When I think of the west, I can’t possibly not think of the movies that are called “westerns,” which means the gold rush, the forts, the desert, and those gun duels between good guys and bad guys. Honig Studios has taken advantage of these elements to bring us El Hijo: A Wild West Tale, a title that won the Best Indie Game award at Gamescom 2019.
This proposal takes us to the wild west, where we soon see the peace and happiness of a mother and her son shattered when bandits destroy their farm. With great courage and full of resentment, the mother decides to separate from her son and leave him in a convent. It’s her way of protecting him, keeping him away from her until she exacts her revenge. But of course we are a boy of about six years old and the only thing we want is to be reunited with our mother, so we have only one option: escape.
This is how El Hijo: A Wild West Tale begins, a story full of good intentions, but which shows that it’s not always enough for the result to turn out as expected.
Do you remember that Marco was looking for his mother? Well, we’ll find ourselves in that role a little bit. Being the child that we are, we will choose to flee to find our mother, without fear and without really being aware of the dangers we have to go through to reach her. We are facing a title that revolves around its stealth mechanics. To escape from the monastery we will have to outwit the various monks that are walking around, doing their work but also monitoring the rooms and they will not make our escape easy. It’s all about escaping, hiding, taking advantage of the shadows and any objects that serve as hiding places, whether they’re drawers, jars or even bison. Anything goes if we can avoid being seen.
We are a child armed only with a slingshot that we use to distract the “enemies” we encounter, either turning off the lights and hiding in the shadows, or misleading them by making noises far away . We must be careful and know how and when to hide or move without being seen. To help us in this we have the help of our bird’s eye view, which allows us to fly over the area to see our enemies’ vision cones and decide our next moves. While this is where the enemies’ artificial intelligence squeaks a bit, making them easy to outsmart since you can’t spawn in this cone of vision, they won’t see you if you’re planted next to them. Few licenses that the genre needs.
We talked about escaping the monastery, but the areas we will cross will vary and we will hide in mines, deserts or even crossing trains. Everything faithfully reproduced. Because if something stands out in El Hijo: A Wild West Tale, it’s its visual part. A very careful cartoon aesthetic but at the same time simple that pulls you in immediately. So much care in the artistic section and so unnoticed that the sound section passes by, which could have done a lot more by Western standards.
It’s funny how underneath that cute art, with that warm color palette, and a title based on a wild west with no fatalities, they really tell us a story of enslaved children. A deeper and darker plot than his art first suggests.
Because we won’t be the only kid in this story. As we go on we will meet other boys and girls who have them as slaves. Children who have lost their imagination and memory of what it means to be a child. As a secondary mission or almost a collector’s item, we must talk to these children to “inspire” them, or what is the same, to restore their illusion and make them happier. In exchange, they will give us certain items that will help us mislead these other vigilantes.
And it is that little by little the game will offer us more tools and opportunities to advance. From wind-up toys that serve to distract attention, cactus pollen smoke bombs that we can use to pass unnoticed, or even fireworks that will stun our guards.
While it doesn’t offer huge variations in its mechanics, there is a development as it progresses that even mixes stealth with certain puzzle mechanics. And although we will carry the child for the most part, there will be certain moments when they allow us to control the mother. Unfortunately, the mechanisms they offer us are the same, and what could have offered variety, letting us see the difference between the son’s innocence and the mother’s thirst for revenge, doesn’t lead to any variety.

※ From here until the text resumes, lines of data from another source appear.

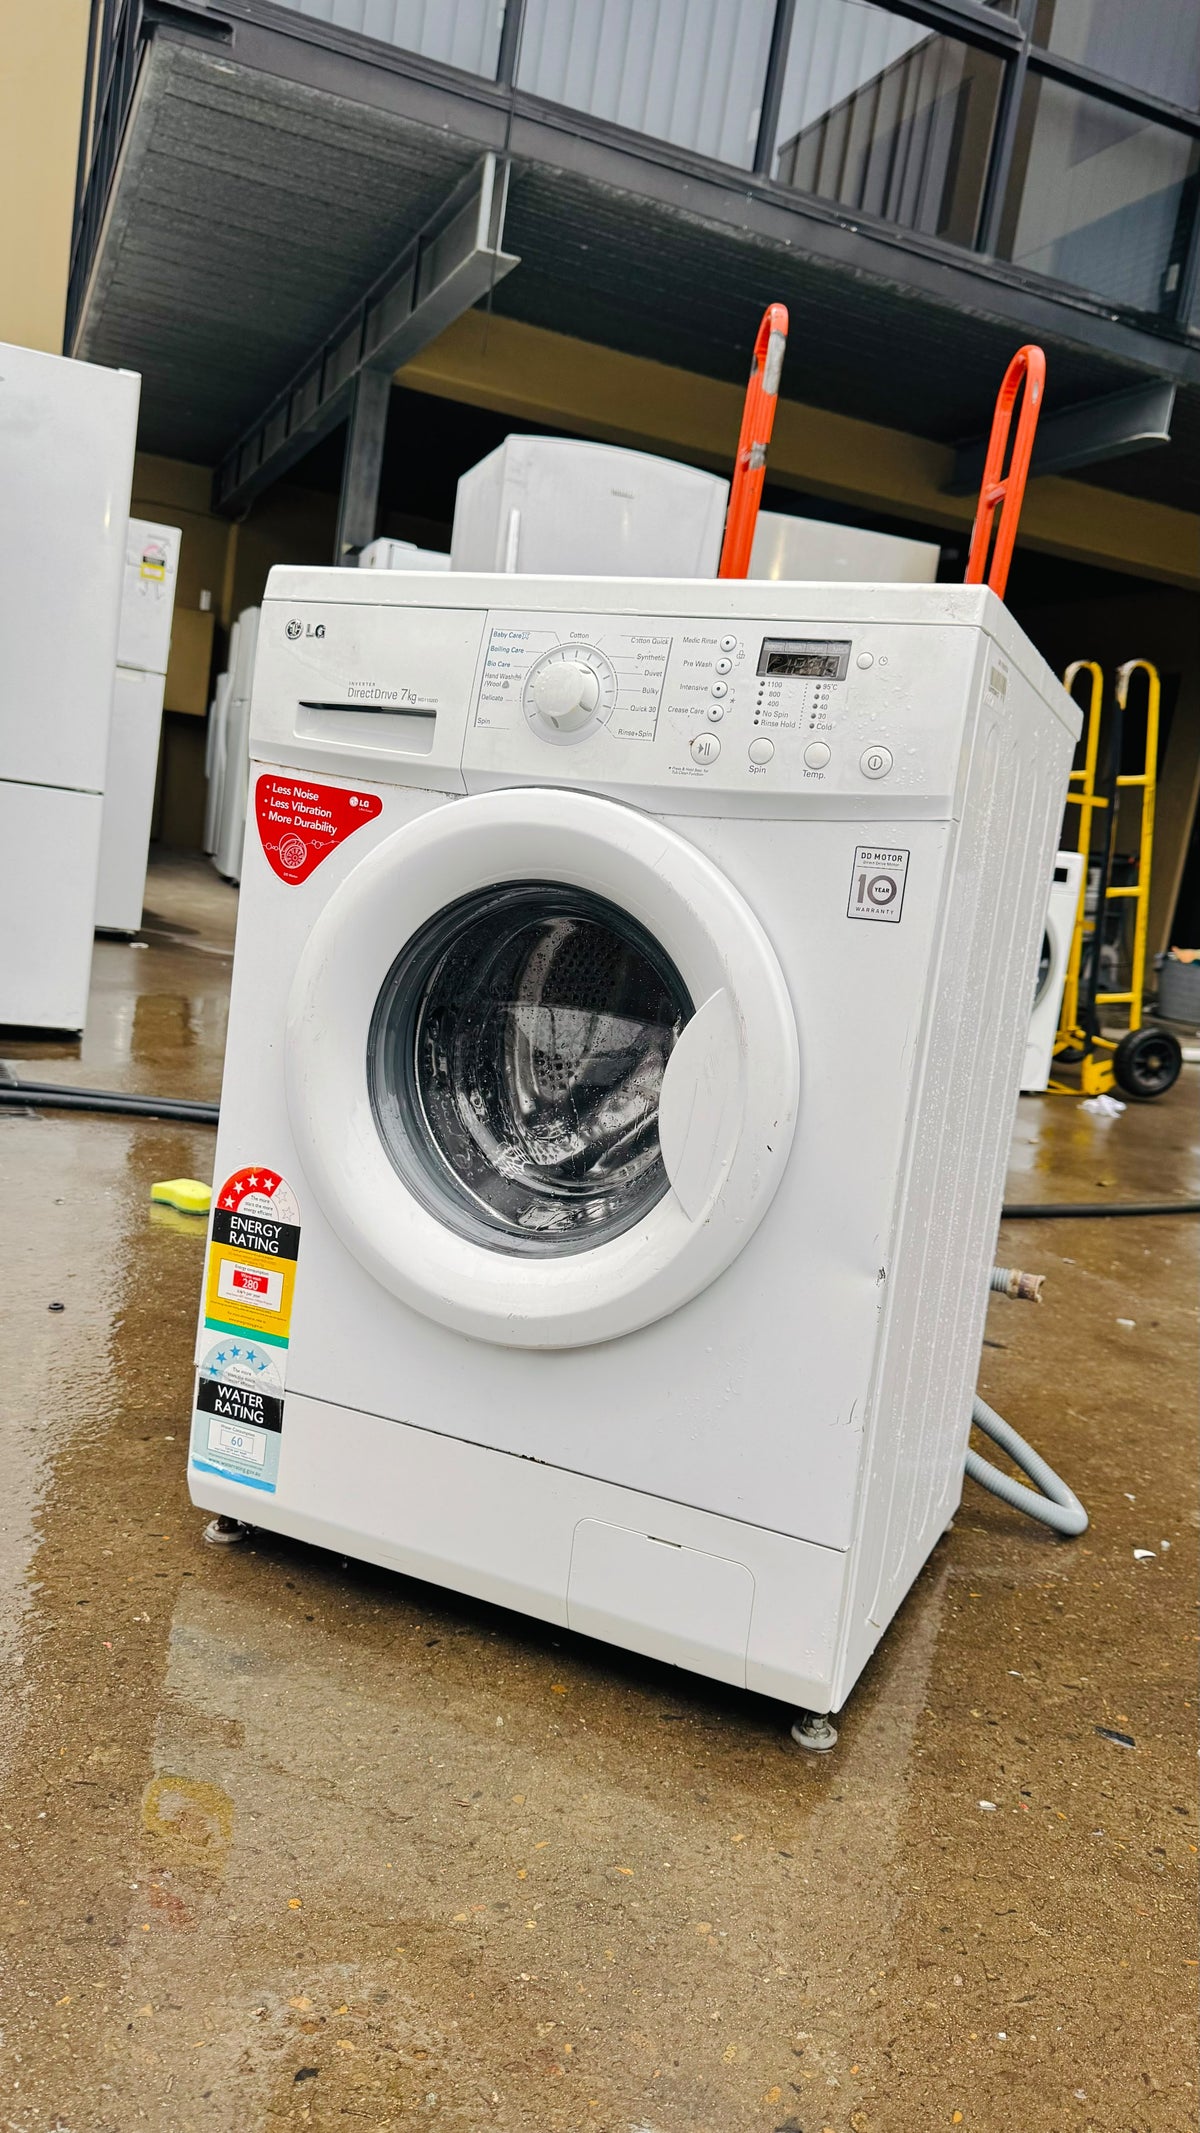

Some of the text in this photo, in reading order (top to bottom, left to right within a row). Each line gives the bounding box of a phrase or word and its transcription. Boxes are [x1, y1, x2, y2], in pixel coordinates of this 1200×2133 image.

[306, 623, 326, 638] LG
[490, 646, 510, 654] Boiling
[636, 654, 665, 662] Synthetic
[401, 688, 417, 704] 7kg
[642, 687, 659, 695] Bulky
[482, 694, 504, 702] Delicate
[618, 729, 652, 738] Rinse+Spin
[748, 764, 766, 774] Spin
[802, 770, 826, 780] Temp.
[272, 783, 319, 801] Less Noise
[270, 797, 332, 818] Less Vibration
[360, 800, 370, 808] LG
[268, 811, 338, 836] More Durability
[874, 854, 902, 862] MOTOR
[857, 874, 897, 906] 10
[856, 906, 894, 915] WARRANTY
[230, 1216, 282, 1238] ENERGY
[229, 1230, 279, 1254] RATING
[242, 1278, 259, 1291] 280
[217, 1384, 264, 1410] WATER
[214, 1398, 264, 1424] RATING
[231, 1436, 243, 1448] 60

Throughout the title we can find different save points that will allow us to restart the area in case we get caught. Something that will be appreciated if we fail in the classic “trial and error”, but above all because the controls are a bit imprecise and leave us unnecessarily hanging. Too bad those checkpoints aren’t always where they should be, a design that isn’t the most successful in its approach. YES, on top of that, despite the fact that the level of difficulty is not high, but rather irregular depending on the area, there are certain tiring moments that could have been saved.
El Hijo: A Wild West Tale is an indie proposal that has no more claims or pretensions than it portrays. A title that clearly catches the eye, but whose camouflage fades as you play, which is sometimes repetitive and unfortunately doesn’t offer anything new.
A little more ambition and risk would probably have suited him beautifully to go from a game that’s fun but forgotten to a game that deserves to be remembered. I mean changing the mechanics between mother and son, improving the clunkiness of the controls, improving the AI to be able to take it more seriously, or even taking more advantage of the idea of entertaining children. You have the ingredients, but you don’t use them.
Despite these improvements or risks one could have taken, it leaves a good taste in my mouth. But we have to be aware that maybe it’s aimed at younger ages, for those who want to get into stealth gaming without delving into something deeper like Desperados III, or just want to get carried away into this kid’s skin, who gets caught up in an adventure story getting back together with his mother.